Gunnarstranda eyed him. ‘Have you got a better suggestion?’

Frank cleared his throat. ‘The jogger, this big-mouth upstairs. We could put the squeeze on him, find out if he really knows as little as he claims.’

Gunnarstranda wrinkled his nose. ‘Bjerke,’ he mumbled, lost in thought. Nodded to himself. ‘It’s true the man noticed precious little on his jog.’

Faint smile. ‘Would be interesting to hear what he has to say about the burglary last night.’

The smile broadened into a big grin. ‘Good idea, Frølich!’

He snatched the telephone. ‘What about if a couple of boys toddle over to Bjerke now and spoil the morning jog?’

Gunarstranda picked up the receiver, rang and got what he wanted. Leaned back in his chair afterwards with coffee cup in hand.

‘That’s done then,’ he said under his breath. Raised the cup to his mouth, but put it down quickly. Pulled a grimace at the confrontation with cold coffee. Lit a cigarette instead, exhaled a cloud of blue smoke.

I’ll remember that smell for ever
, thought Frank, closing his eyes.
Smoke, coffee and the boss’s Aqua Velva aftershave. The smell of night in this room.

‘There are still several loose threads,’ Gunnarstranda mulled aloud. ‘But let’s unravel the knotted ones we know. The murderer,’ he began. ‘The person Klavestad met and Johansen saw going into the block of flats. The gate was open. It had been opened by the freaks on the top floor with the half-dead cannabis plant on the window sill. The murderer went upstairs and rang Reidun’s doorbell.’

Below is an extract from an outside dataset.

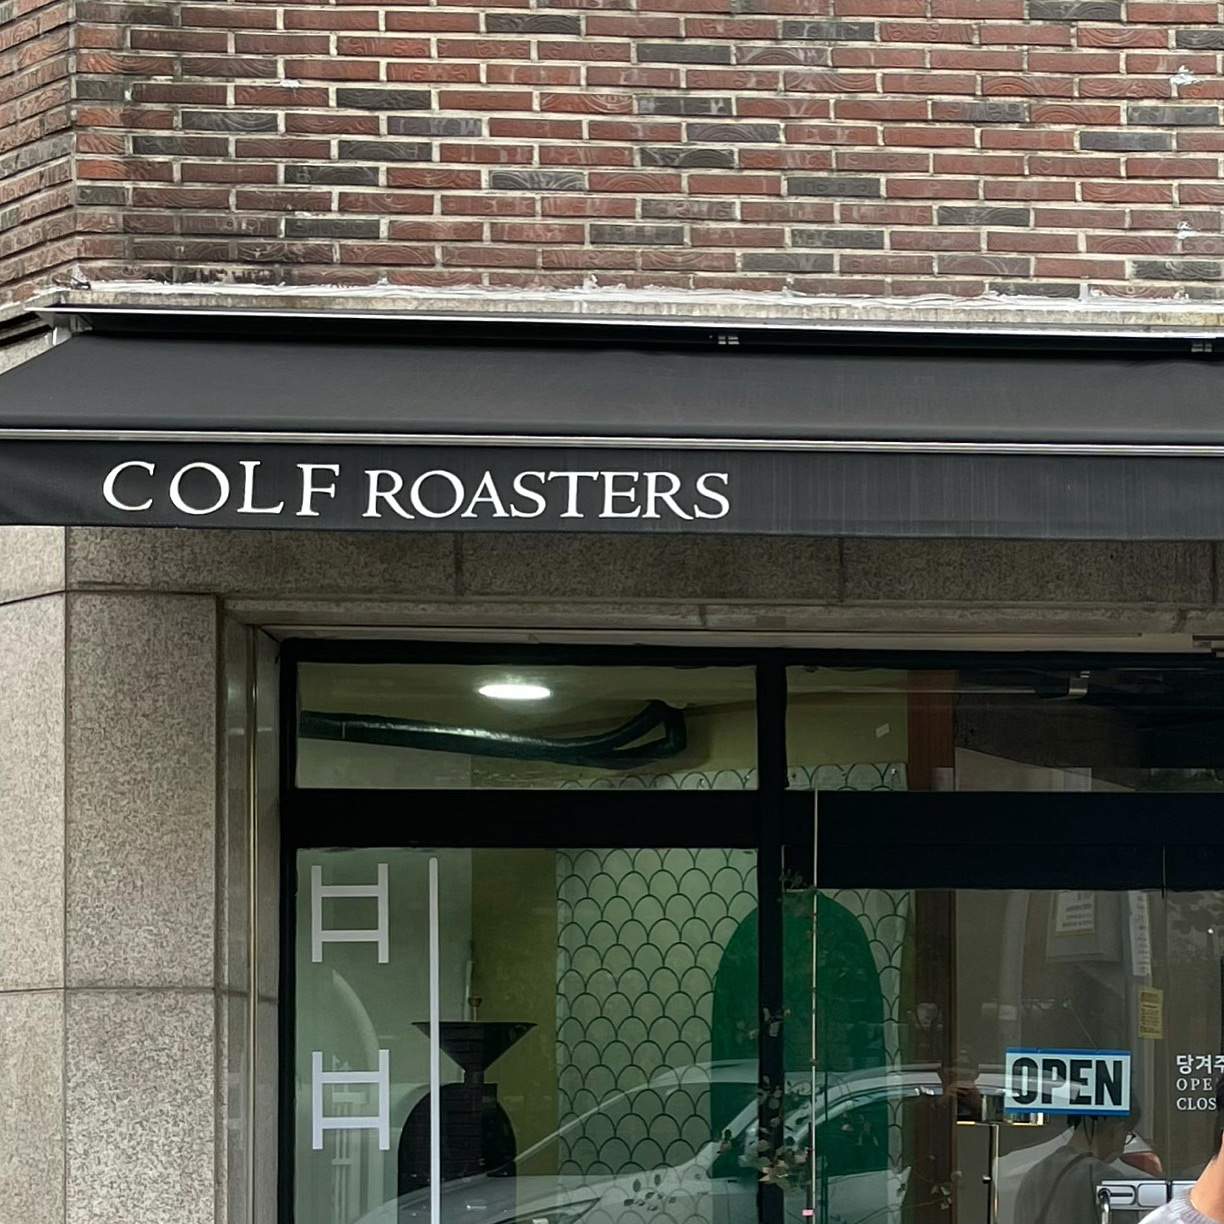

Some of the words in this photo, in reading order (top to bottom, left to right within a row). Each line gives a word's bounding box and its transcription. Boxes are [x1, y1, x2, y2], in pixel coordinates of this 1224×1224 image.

[102, 460, 340, 516] COLF
[362, 469, 731, 520] ROASTERS
[1011, 1056, 1122, 1106] OPEN

Gunnarstranda took a break. Frank inhaled and continued for him:

‘Reidun must have thought it was Sigurd coming back!’

‘Presumably,’ Gunnarstranda concurred with a nod. ‘She got out of bed, went over to the door . . .’

He hesitated.

Neither of them said anything. Frank rose to his feet, walked over to the sink with the coffee jug and filled it with fresh water. Gunnarstranda sat with his elbows on the desk. Staring ahead, puffing on his cigarette without removing it from his mouth.

For the second time they sat listening to the chug of the coffee machine as the water trickled through.

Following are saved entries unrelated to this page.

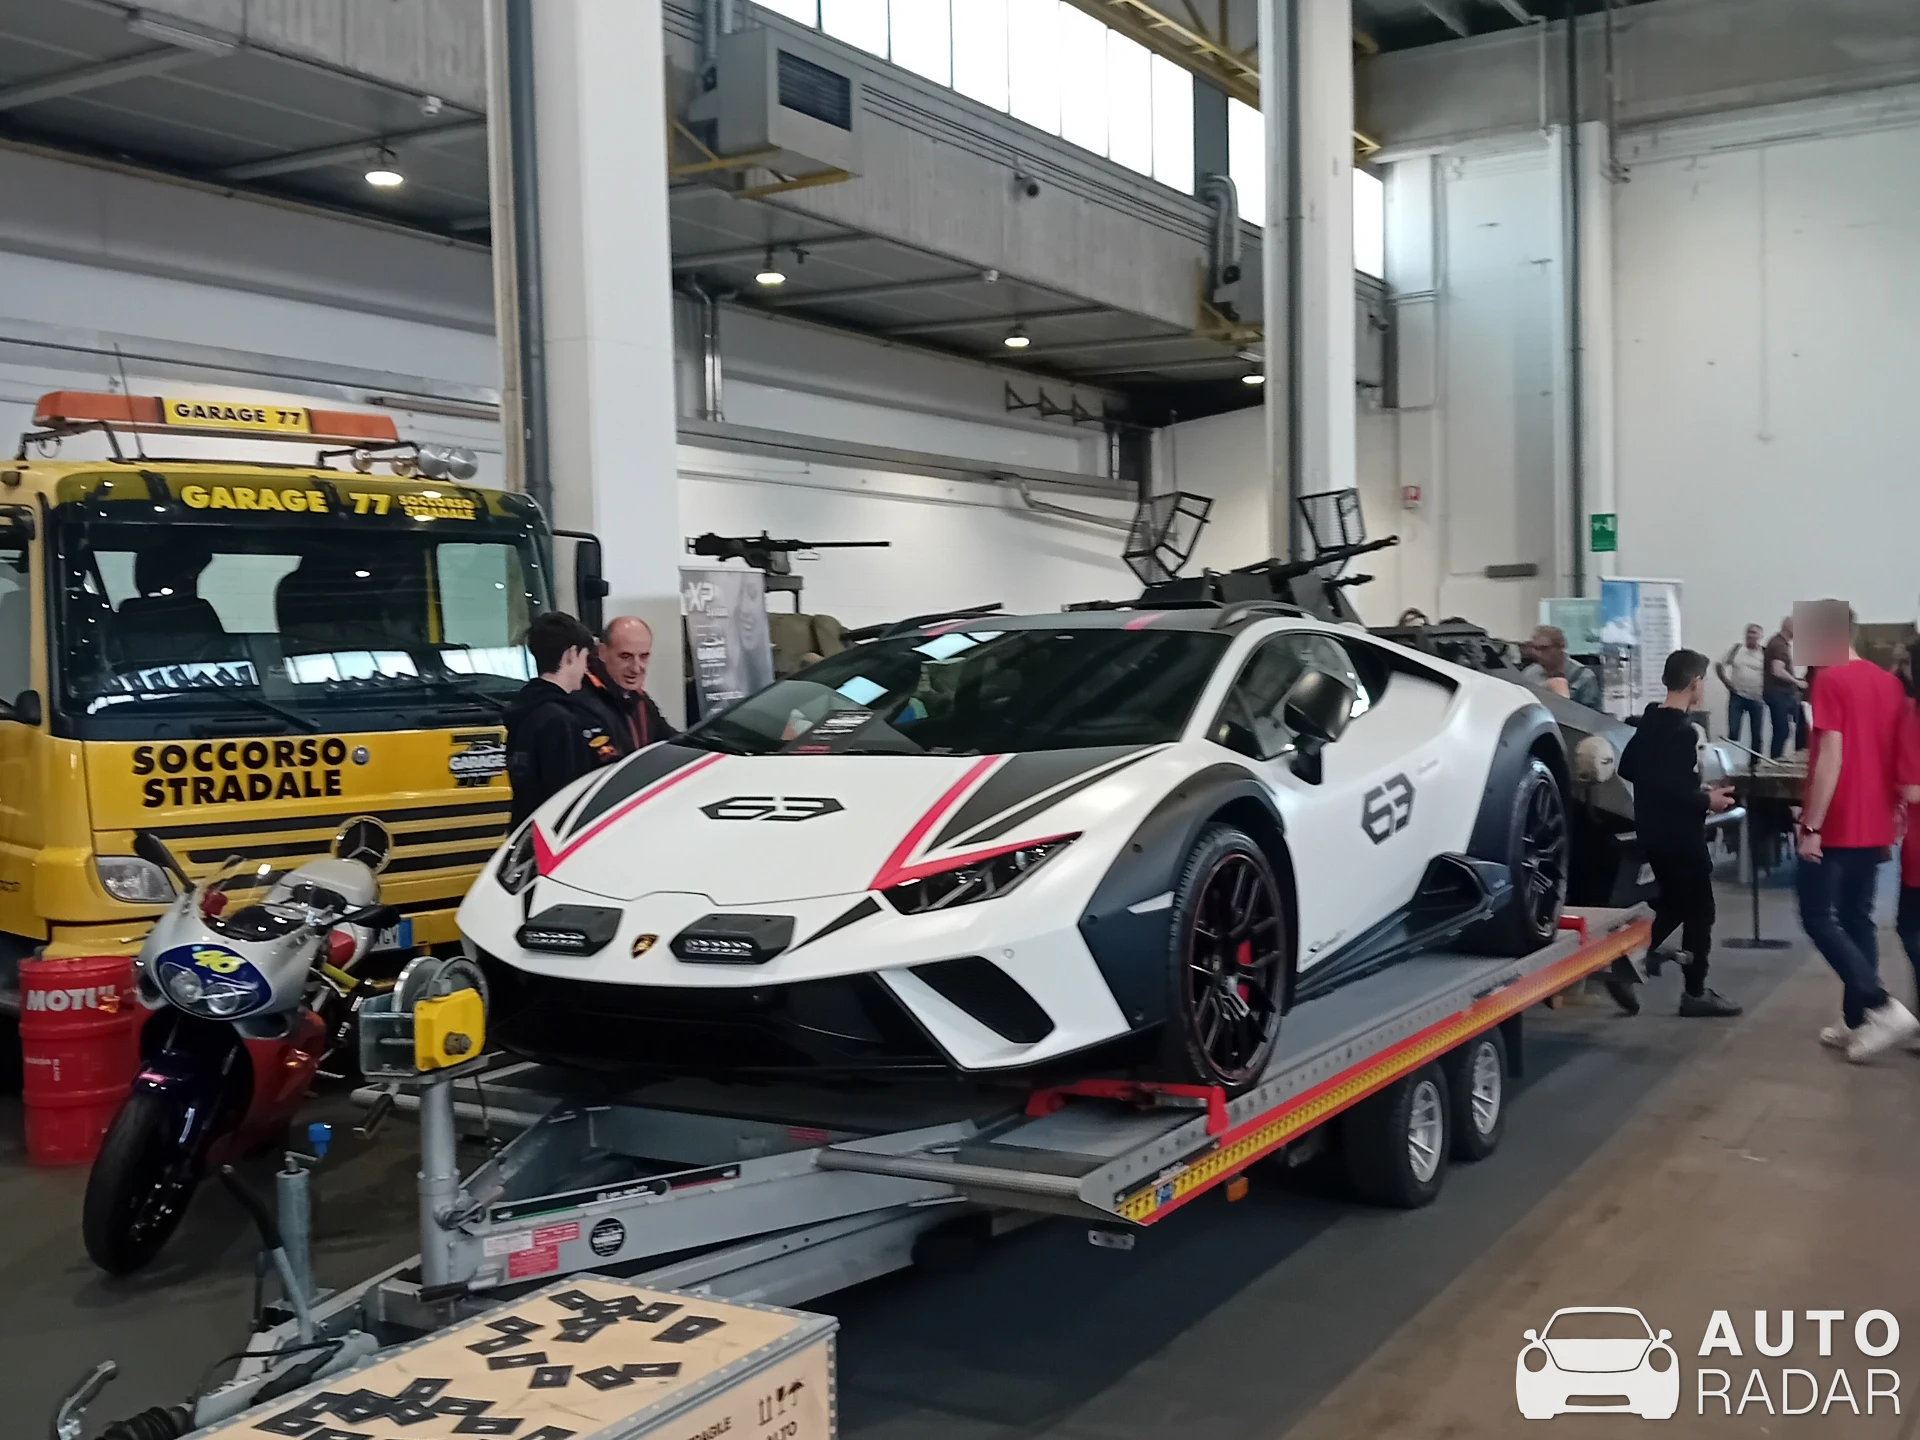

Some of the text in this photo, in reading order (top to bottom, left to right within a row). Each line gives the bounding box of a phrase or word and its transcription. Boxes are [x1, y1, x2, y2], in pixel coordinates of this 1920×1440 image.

[175, 403, 301, 425] GARAGE 77
[181, 485, 391, 515] GARAGE 77
[398, 495, 475, 509] SOCCORSO
[404, 506, 477, 520] STRADALE
[132, 738, 346, 775] SOCCORSO
[449, 753, 507, 771] GARAGE
[142, 769, 342, 808] STRADALE
[698, 796, 846, 822] 63
[1361, 773, 1416, 845] 63
[192, 950, 247, 974] 46

‘This is where we have to tread with great caution,’ Gunnarstranda mumbled to himself.

‘We know the knife came from the flat,’ Frank affirmed.

His colleague nodded.

‘So the murderer didn’t take the weapon with him.’

Gunnarstranda nodded slowly. ‘That’s important,’ he nodded. ‘No weapon.’

He stubbed out the cigarette, interlaced fingers and put them under his chin. Rested his head on his hands with his elbows on the table. ‘She opened the door a fraction,’ he said softly. ‘Because she wasn’t wearing any clothes. She thought it was Sigurd coming back, but then someone else was standing there.’

‘She knew him,’ Frank said. ‘He was unarmed.’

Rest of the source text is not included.